* _TO DO_
Write out every record below exactly, leaving the pictures out.

═════ RECORDED DATA

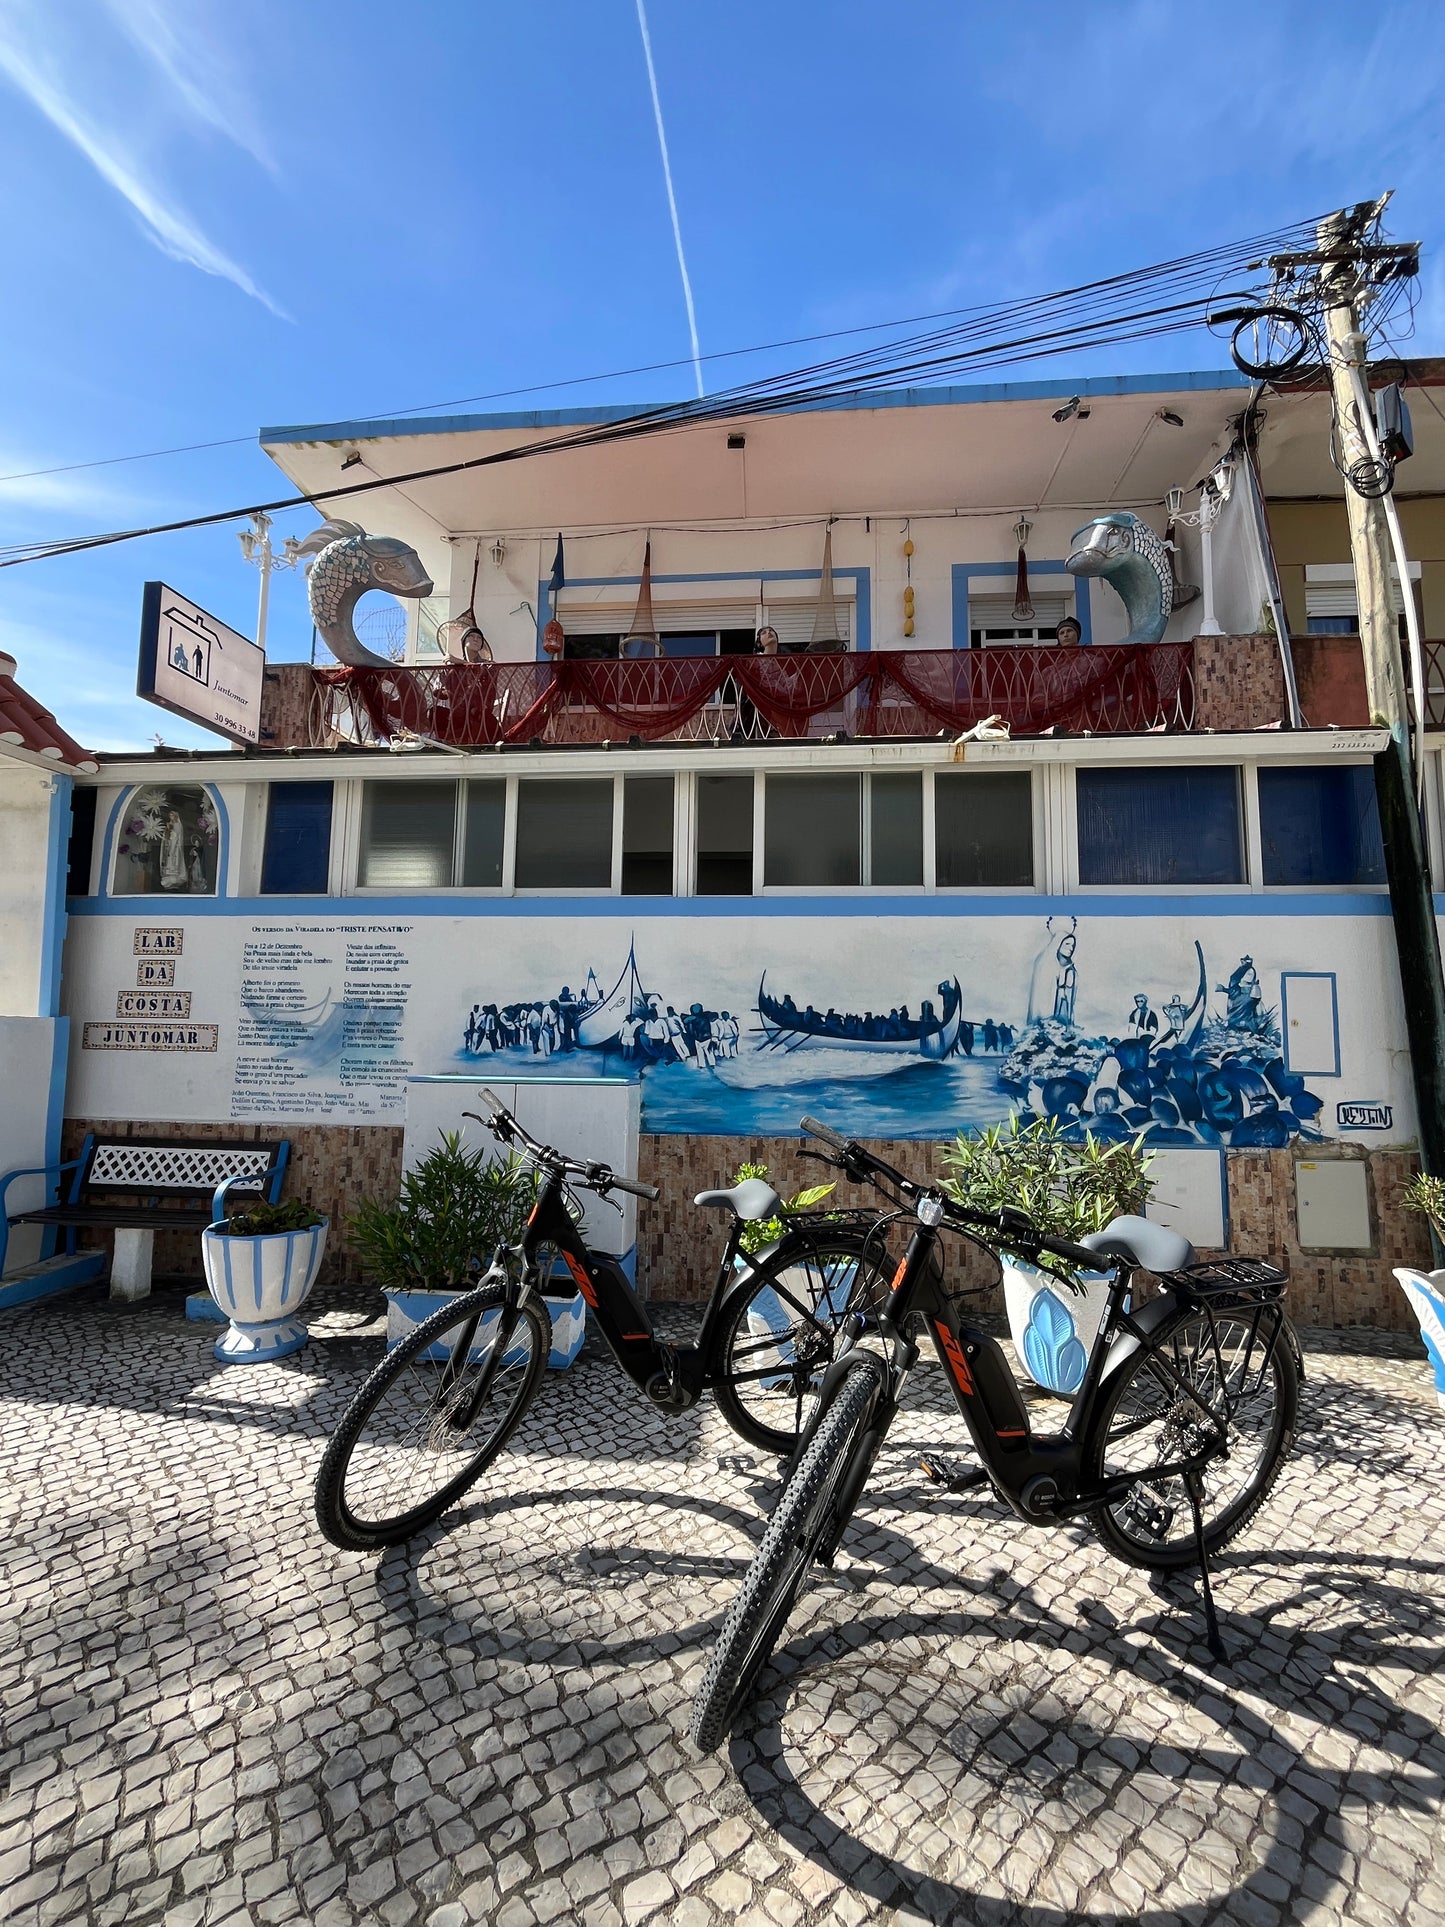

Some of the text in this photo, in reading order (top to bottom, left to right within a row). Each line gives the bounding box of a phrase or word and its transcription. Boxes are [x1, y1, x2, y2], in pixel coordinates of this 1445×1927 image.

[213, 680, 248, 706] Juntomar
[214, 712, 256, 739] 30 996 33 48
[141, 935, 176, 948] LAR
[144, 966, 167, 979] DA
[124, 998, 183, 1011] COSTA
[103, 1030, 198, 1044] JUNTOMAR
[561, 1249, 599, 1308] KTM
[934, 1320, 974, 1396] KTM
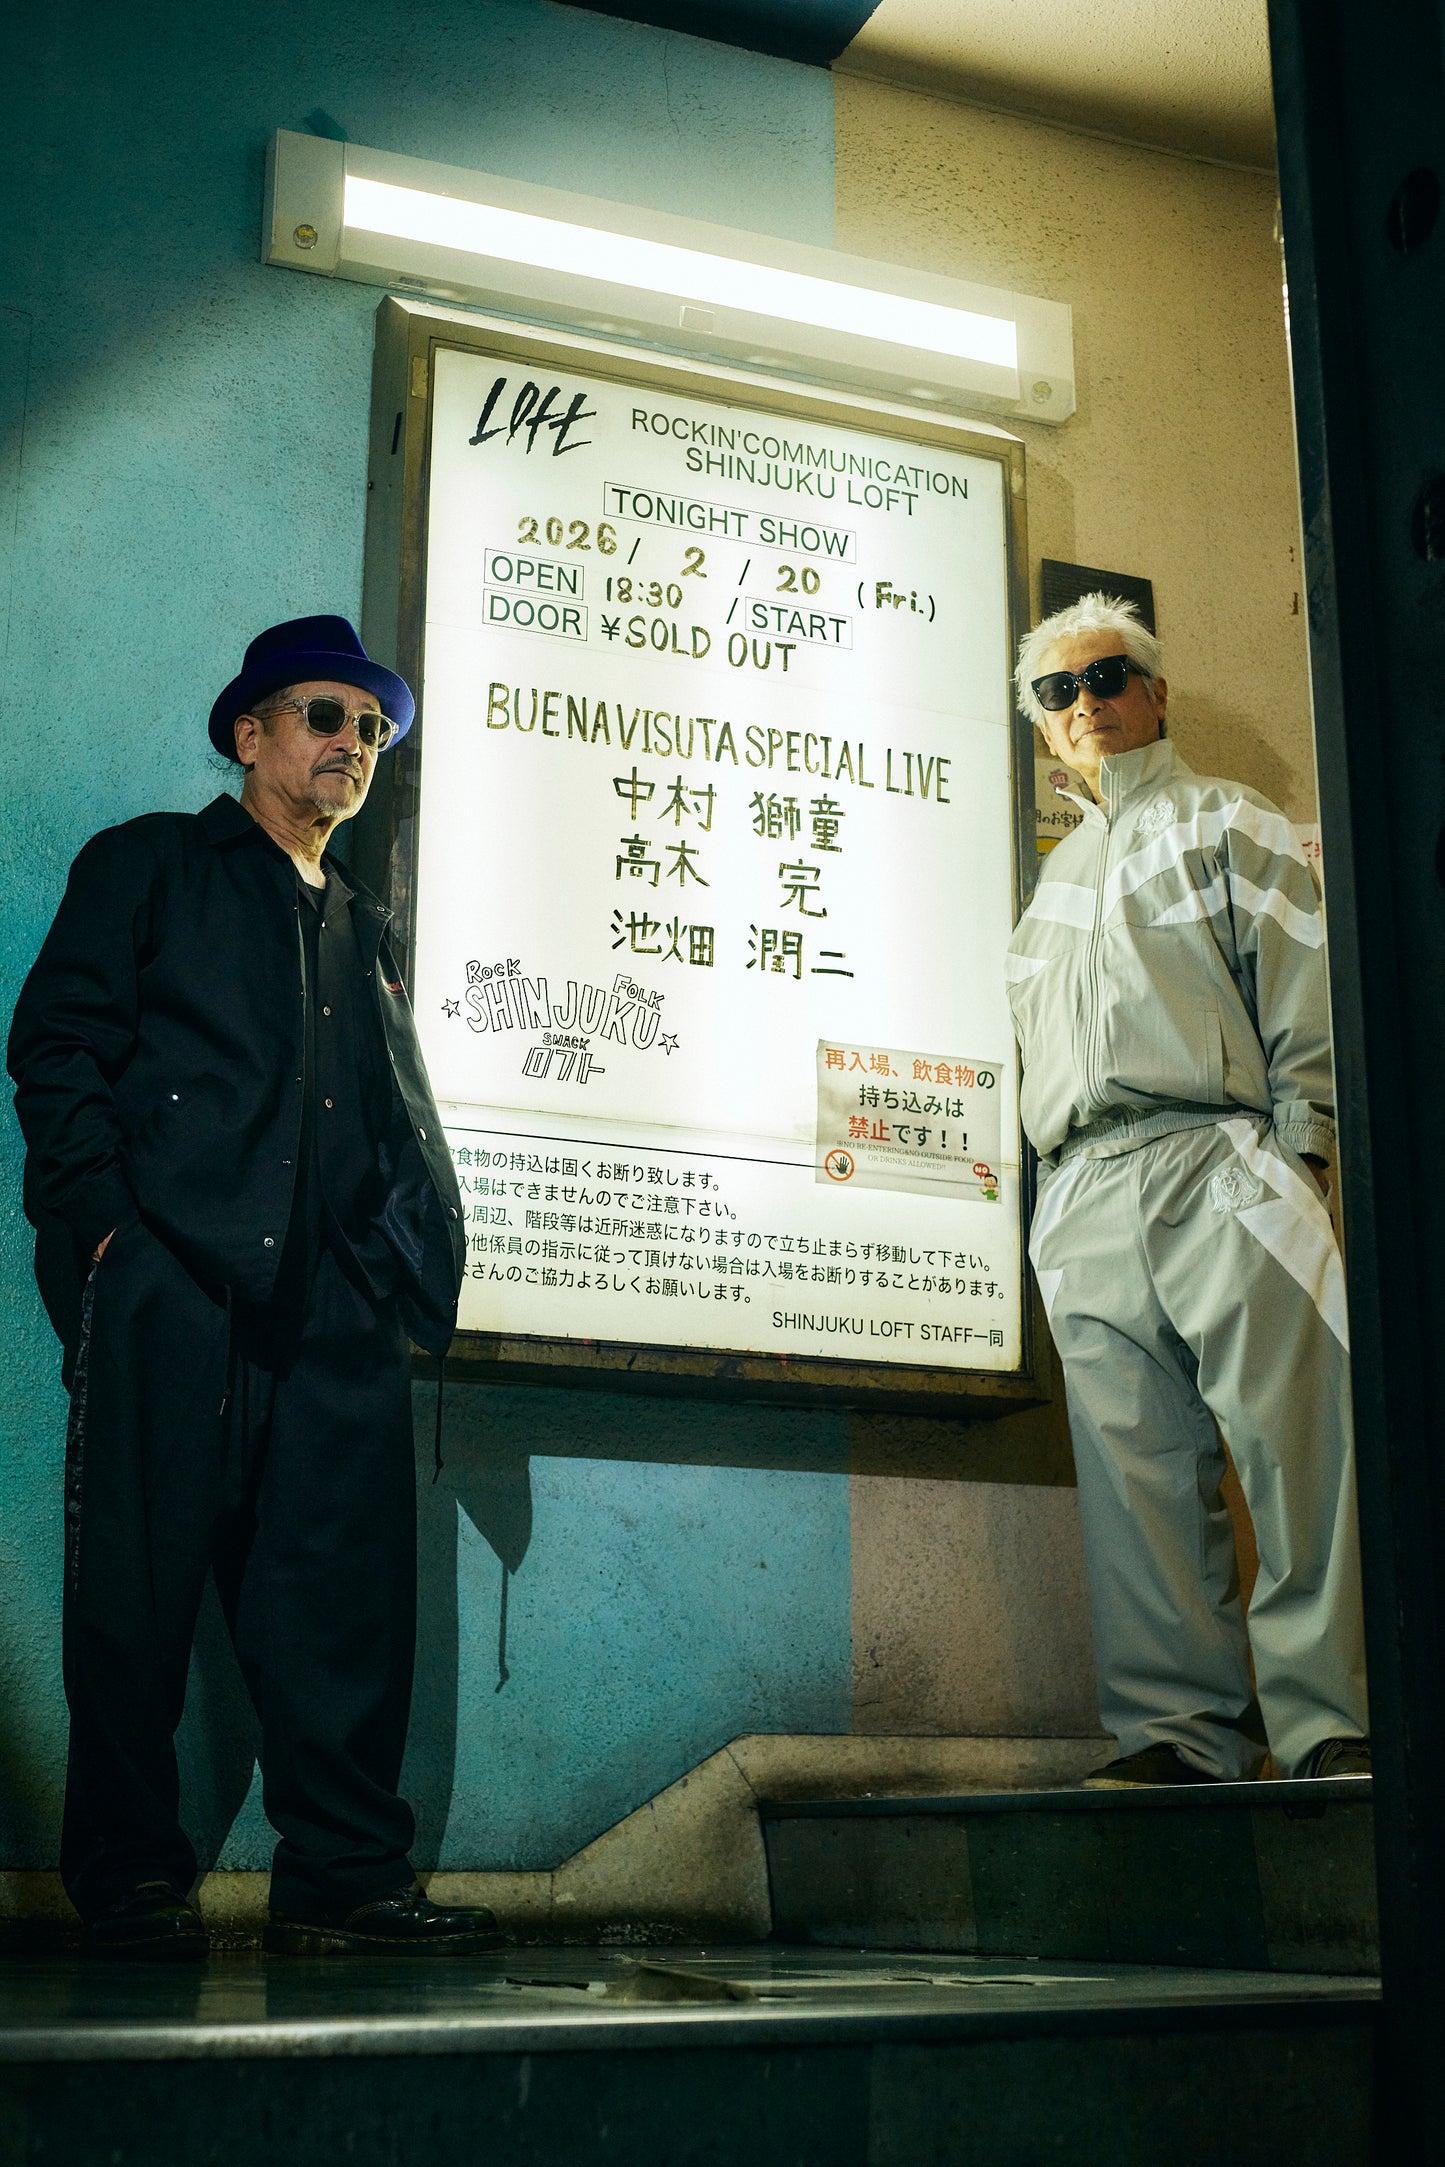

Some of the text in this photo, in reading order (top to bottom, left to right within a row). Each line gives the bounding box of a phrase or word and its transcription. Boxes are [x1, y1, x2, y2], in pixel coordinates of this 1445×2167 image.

══════════

* _REPLY TO THE TASK_
Some of the text in this photo, in reading order (top to bottom, left to right within a row). Each line gives the bounding box of a phrase or word and its transcription. Boxes are [x1, y1, x2, y2], in pixel coordinates of this 1445×1927 image.

[213, 680, 248, 706] Juntomar
[214, 712, 256, 739] 30 996 33 48
[141, 935, 176, 948] LAR
[144, 966, 167, 979] DA
[124, 998, 183, 1011] COSTA
[103, 1030, 198, 1044] JUNTOMAR
[561, 1249, 599, 1308] KTM
[934, 1320, 974, 1396] KTM

Some of the text in this photo, in reading order (top to bottom, left to right within a row). Each line gives the bounding box of a phrase or word and its transcription. Boxes are [x1, y1, x2, y2], in pixel coordinates of this 1445×2167 image.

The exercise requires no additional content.